#### The data ####

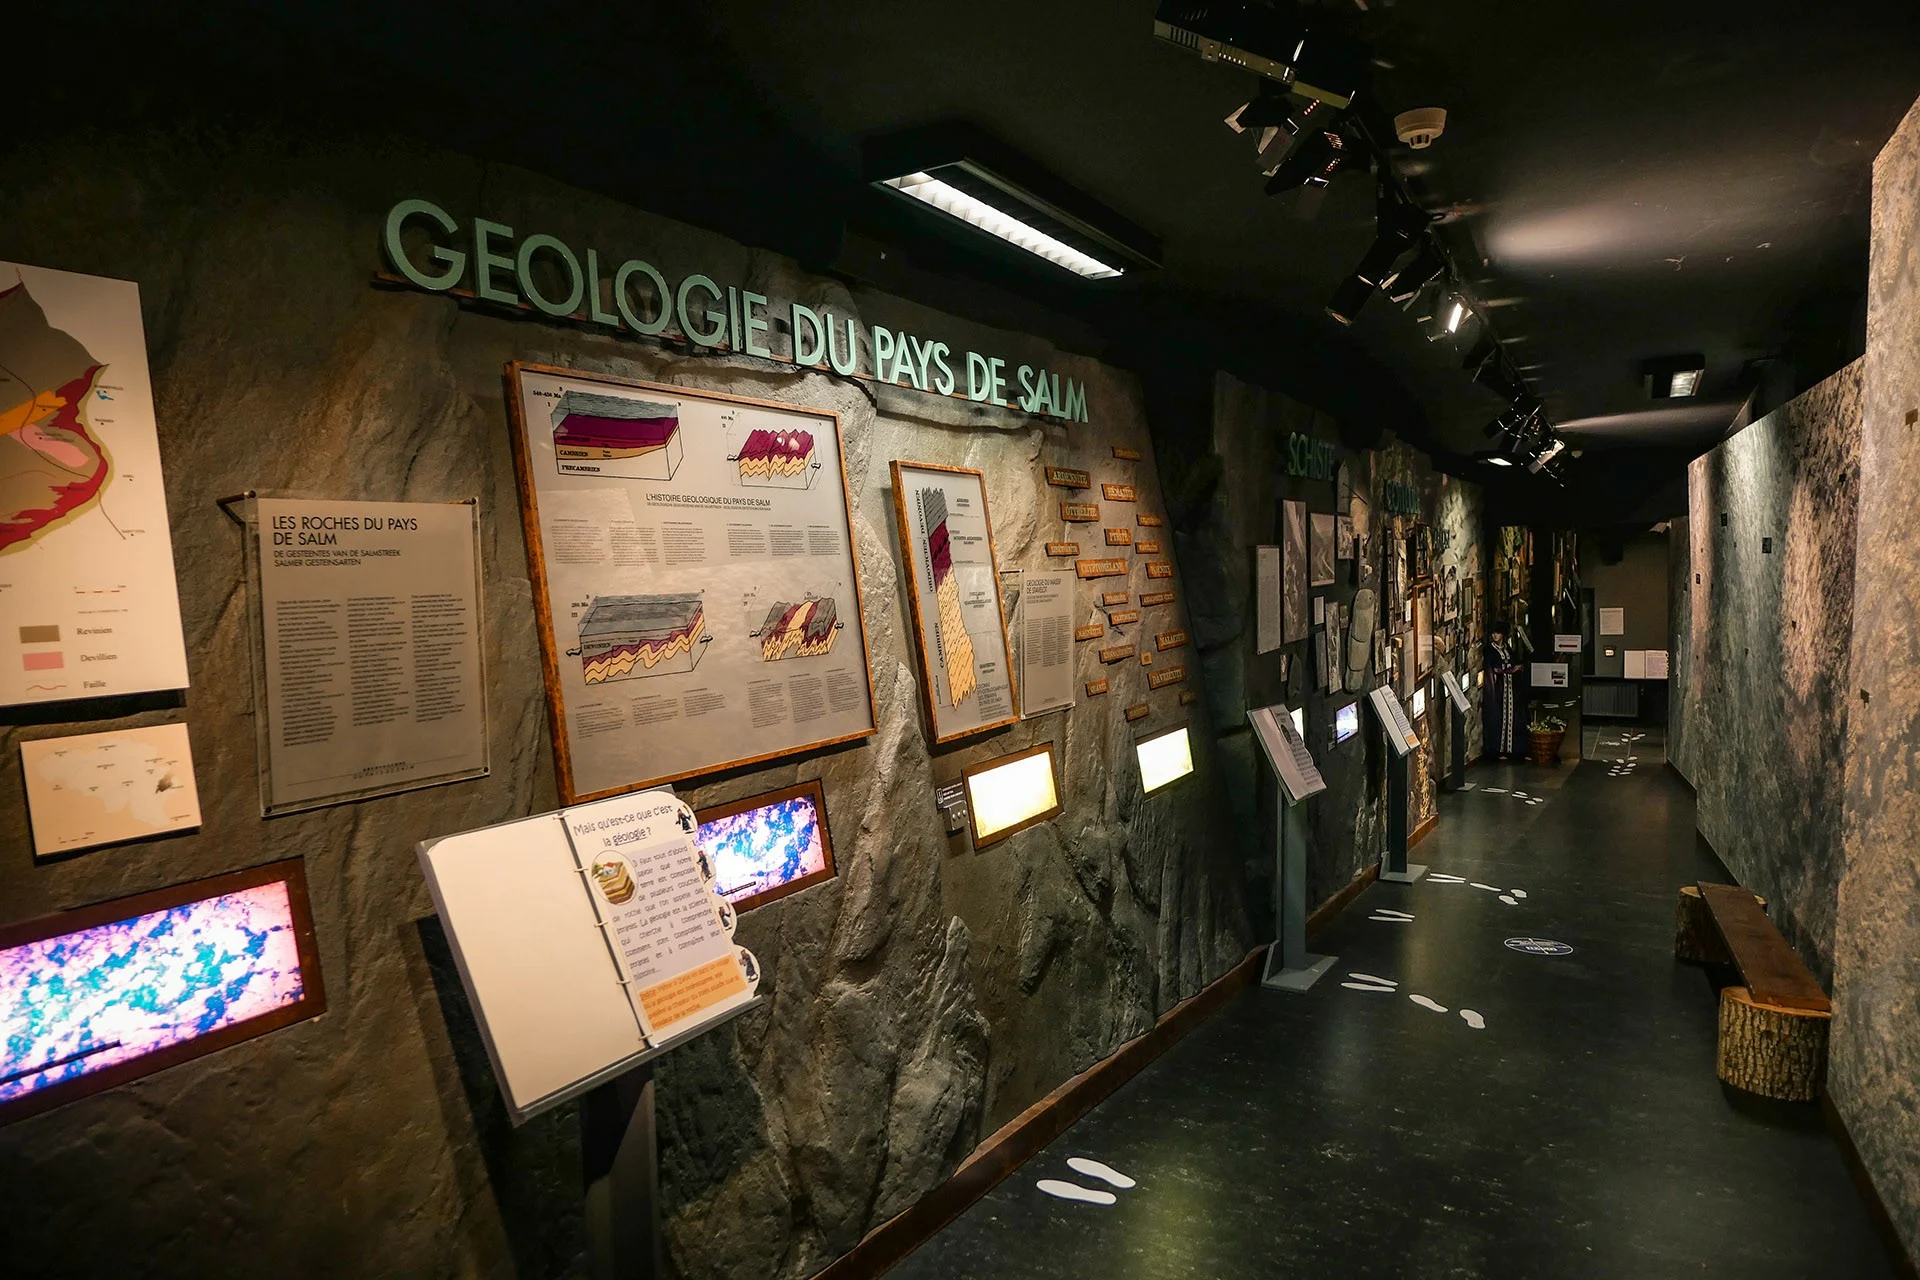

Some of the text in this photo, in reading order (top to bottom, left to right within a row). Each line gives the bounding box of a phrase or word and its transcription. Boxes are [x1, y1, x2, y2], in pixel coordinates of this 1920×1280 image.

[386, 199, 1089, 424] GEOLOGIE DU PAYS DE SALM
[1288, 431, 1336, 481] SCHISTE
[646, 493, 682, 503] L'HISTOIRE
[682, 494, 722, 505] GEOLOGIQUE
[723, 496, 732, 505] DU
[732, 497, 747, 506] PAYS
[747, 498, 755, 506] DE
[755, 499, 771, 507] SALM
[272, 516, 418, 531] LES ROCHES DU PAYS
[273, 532, 338, 546] DE SALM
[273, 550, 284, 558] DE
[76, 627, 113, 635] Revinien
[80, 653, 118, 662] Devillien
[83, 681, 107, 689] Faille
[573, 822, 596, 837] Mais
[636, 809, 652, 821] que
[602, 837, 612, 847] la
[612, 828, 647, 846] géologie

####

Repeat every record above exactly. Omit the pictures.

- Answer to this problem -
Some of the text in this photo, in reading order (top to bottom, left to right within a row). Each line gives the bounding box of a phrase or word and its transcription. Boxes are [x1, y1, x2, y2], in pixel coordinates of this 1920×1280 image.

[386, 199, 1089, 424] GEOLOGIE DU PAYS DE SALM
[1288, 431, 1336, 481] SCHISTE
[646, 493, 682, 503] L'HISTOIRE
[682, 494, 722, 505] GEOLOGIQUE
[723, 496, 732, 505] DU
[732, 497, 747, 506] PAYS
[747, 498, 755, 506] DE
[755, 499, 771, 507] SALM
[272, 516, 418, 531] LES ROCHES DU PAYS
[273, 532, 338, 546] DE SALM
[273, 550, 284, 558] DE
[76, 627, 113, 635] Revinien
[80, 653, 118, 662] Devillien
[83, 681, 107, 689] Faille
[573, 822, 596, 837] Mais
[636, 809, 652, 821] que
[602, 837, 612, 847] la
[612, 828, 647, 846] géologie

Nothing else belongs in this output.